Print version ISSN 1413-9596On-line version ISSN 1678-4456

Braz. J. Vet. Res. Anim. Sci. vol.35 n.6 São Paulo  1998 

Endocrine profiles and ovulation rate of cows superovulated with FSH following passive immunization against steroid free-bovine follicular fluid*

Perfis endócrinos e taxa de ovulação de vacas superovuladas com FSH após imunização passiva contra líquido folicular bovino livre de esteróides


Rafael Herrera ALVAREZ1; João Batista Pereira de CARVALHO1; Alzira ROSA E SILVA2; Cibele Nunes PERONE3; Maria Tereza Carvalho Pinto RIBELA3; Enoch Borges de OLIVEIRA FILHO4


Correspondence to:
Rafael Herrera Alvarez
Seção de Reprodução e Inseminação Artificial
Instituto de Zootecnia
Caixa Postal 60
13460-000 – Nova Odessa – SP




Ten multiparous non-lactating cows were randomly assigned to one of two groups. On days 8 to 12 after estrus, the first group was given 100 ml antiserum against steroid-free bovine follicular fluid (anti-bFF), which was produced in ovariectomized sheep. The second group (control) was given 100 ml nonimmune ovariectomized sheep serum. Six hours after injection, both groups were superovulated with FSH (18 NIH-FSH-S1 units) and LH (0.29 NIH-LH-S1 units) in a 4-day decreasing regime. On the morning of the third day a luteolytic dose of prostaglandin F2a analogue (cloprostenol) was given. Artificial inseminations (AI) were done 48 and 60 h later. Embryos were collected 7 days after AI by a nonsurgical method. Blood samples were taken throughout the experimental period and plasma concentrations of FSH, LH and progesterone were determined by radioimmunoassay. All cows from the immunized group, and 3 out of 5 cows in the control group, had more than 2 CL. There was no significant difference (P>0.05) in the ovulation rate between immunized and control groups (14.4 and 9.9, respectively). The number of recovered embryos was not significantly different (P>0.05) between groups, although cows immunized against bFF had a greater number of transferable embryos (3.4 ± 1.0 versus 0.8 ± 0.4, P<0.05). Plasma gonadotrophin concentrations were not correlated with either ovulation rate or number of recovered embryos. Plasma progesterone concentration was positively correlated (r = 0.88, P<0.01) to ovulation rate. Results suggested that passive immunization of cows with anti-bFF before superovulation did not reduce the variability of ovarian response.
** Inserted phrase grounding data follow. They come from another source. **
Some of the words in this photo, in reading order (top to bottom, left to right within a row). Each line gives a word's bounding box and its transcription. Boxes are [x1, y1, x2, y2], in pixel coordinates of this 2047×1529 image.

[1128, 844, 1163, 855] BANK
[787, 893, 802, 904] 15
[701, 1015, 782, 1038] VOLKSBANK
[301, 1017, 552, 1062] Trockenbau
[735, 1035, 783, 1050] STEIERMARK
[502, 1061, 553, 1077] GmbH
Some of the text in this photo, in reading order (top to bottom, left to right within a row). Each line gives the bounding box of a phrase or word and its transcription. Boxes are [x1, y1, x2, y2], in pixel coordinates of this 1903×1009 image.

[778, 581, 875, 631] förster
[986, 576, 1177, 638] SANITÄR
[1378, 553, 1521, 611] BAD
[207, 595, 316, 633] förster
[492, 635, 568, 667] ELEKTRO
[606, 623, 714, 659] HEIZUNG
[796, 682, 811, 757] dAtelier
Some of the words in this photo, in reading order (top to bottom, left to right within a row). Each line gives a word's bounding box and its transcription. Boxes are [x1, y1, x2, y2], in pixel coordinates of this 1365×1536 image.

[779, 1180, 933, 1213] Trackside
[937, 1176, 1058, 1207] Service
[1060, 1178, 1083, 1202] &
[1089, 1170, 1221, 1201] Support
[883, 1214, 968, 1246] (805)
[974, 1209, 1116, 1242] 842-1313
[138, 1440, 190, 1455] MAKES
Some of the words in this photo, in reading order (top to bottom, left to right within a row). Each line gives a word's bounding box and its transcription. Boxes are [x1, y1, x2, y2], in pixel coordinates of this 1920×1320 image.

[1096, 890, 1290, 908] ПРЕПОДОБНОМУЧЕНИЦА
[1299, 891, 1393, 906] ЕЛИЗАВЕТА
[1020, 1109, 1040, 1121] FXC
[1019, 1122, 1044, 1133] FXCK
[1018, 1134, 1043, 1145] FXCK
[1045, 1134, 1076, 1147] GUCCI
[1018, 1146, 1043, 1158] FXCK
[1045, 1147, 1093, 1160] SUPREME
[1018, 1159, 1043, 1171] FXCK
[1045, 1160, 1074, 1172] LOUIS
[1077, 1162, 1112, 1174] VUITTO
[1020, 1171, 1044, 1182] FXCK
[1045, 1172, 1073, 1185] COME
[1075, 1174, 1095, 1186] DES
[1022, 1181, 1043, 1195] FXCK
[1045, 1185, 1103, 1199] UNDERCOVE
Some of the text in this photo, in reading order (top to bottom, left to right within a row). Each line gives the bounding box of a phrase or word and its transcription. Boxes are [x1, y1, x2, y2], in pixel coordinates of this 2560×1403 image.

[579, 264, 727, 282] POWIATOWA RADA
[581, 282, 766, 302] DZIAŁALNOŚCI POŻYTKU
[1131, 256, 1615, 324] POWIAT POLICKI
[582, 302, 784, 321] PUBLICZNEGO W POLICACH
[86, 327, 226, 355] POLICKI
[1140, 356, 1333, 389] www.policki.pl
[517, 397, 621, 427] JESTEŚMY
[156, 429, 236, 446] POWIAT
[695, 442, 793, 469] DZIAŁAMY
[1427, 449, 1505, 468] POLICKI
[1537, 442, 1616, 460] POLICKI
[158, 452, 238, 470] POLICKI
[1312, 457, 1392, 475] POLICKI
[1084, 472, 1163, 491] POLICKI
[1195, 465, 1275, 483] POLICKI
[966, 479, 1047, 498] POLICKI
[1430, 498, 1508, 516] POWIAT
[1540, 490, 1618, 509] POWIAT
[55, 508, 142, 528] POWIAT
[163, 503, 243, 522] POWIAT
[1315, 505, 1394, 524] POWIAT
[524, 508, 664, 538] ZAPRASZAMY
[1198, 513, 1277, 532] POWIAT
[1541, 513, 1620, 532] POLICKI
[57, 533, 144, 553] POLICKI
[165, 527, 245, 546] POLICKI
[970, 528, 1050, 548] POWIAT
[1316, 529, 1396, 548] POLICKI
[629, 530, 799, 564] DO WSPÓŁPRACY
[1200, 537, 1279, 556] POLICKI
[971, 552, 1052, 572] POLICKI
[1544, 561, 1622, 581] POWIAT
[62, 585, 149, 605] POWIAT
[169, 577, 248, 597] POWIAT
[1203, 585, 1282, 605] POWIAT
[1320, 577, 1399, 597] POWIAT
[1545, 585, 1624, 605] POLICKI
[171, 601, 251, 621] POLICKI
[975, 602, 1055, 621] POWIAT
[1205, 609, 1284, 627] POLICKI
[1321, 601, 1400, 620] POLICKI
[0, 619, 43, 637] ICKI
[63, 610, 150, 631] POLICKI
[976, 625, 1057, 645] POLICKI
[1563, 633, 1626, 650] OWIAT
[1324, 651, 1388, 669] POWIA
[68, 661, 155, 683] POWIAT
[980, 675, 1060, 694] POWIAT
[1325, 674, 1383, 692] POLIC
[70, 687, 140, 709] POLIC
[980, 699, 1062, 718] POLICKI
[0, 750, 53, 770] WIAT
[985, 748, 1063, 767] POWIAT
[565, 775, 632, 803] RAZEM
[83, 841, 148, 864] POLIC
UNITERMS: Superovulation; Follicular fluid; Passive immunization; Embryos; Cattle.




In spite of the considerable progress in embryo splitting and in vitro fertilization techniques, superovulation with gonadotrophins is still the most feasible and widely used process for both research and applied embryo transfer programs in cattle13. The major disadvantage of gonadotrophin treatment is the great variability of ovarian response between and within animals3,5,12. For instance, data analysis from 960 cows treated for superovulation during a 10-year period (in the Embryo Transfer Unit of the Instituto de Zootecnia, Nova Odessa, SP, Brazil) showed an average of 6.1 recovered embryos but the standard deviation was 5.1.

The two most important factors affecting variability in ovarian response are: a) gonadotrophin treatment per se3,19 and b) ovarian status at the time of gonadotrophin treatment17,18.

There have been many attempts to improve the superovulatory response. Using different gonadotrophin preparations or increasing the number of follicles available for stimulation by pretreatment with FSH27 or GH11 have been somewhat successful in increasing the ovulation rate and the number of transferable embryos. However, these methods did not reduce the variability of ovarian response. Initiating superovulation in the absence of a functionally dominant follicle is an efficient way of increasing the number of recovered embryos and reducing the variability. The disadvantage of such a method is that it requires either an ultrasonic monitoring7 or a surgical electrocautery15.

The dominance of growing follicles can be suppressed using immunological techniques as shown in non-superovulated cattle passively immunized against inhibin25 or charcoal-treated bovine follicular fluid1. The use of inhibin for immunization is somewhat limited by cost and availability. In contrast, bovine follicular fluid can be readily aspirated from abattoir-derived ovaries. In the studies above, the ovulation rate was moderately increased by immunization. Therefore, it is possible that such a method can also contribute to render the animals more sensitive to exogenous gonadotrophins.

The objective of the present study was to determine the endocrine and superovulatory responses of FSH-treated cows passively immunized against charcoal-treated bovine follicular fluid.



Antiserum bFF

Antiserum to charcoal-treated bFF (protein content 80 mg ml-1) was produced in 4 adult ovariectomized ewes, as described by Alvarez et al.2. This antiserum was able to block the suppressive effect of bFF on plasma FSH concentrations in ovariectomized prepubertal heifers.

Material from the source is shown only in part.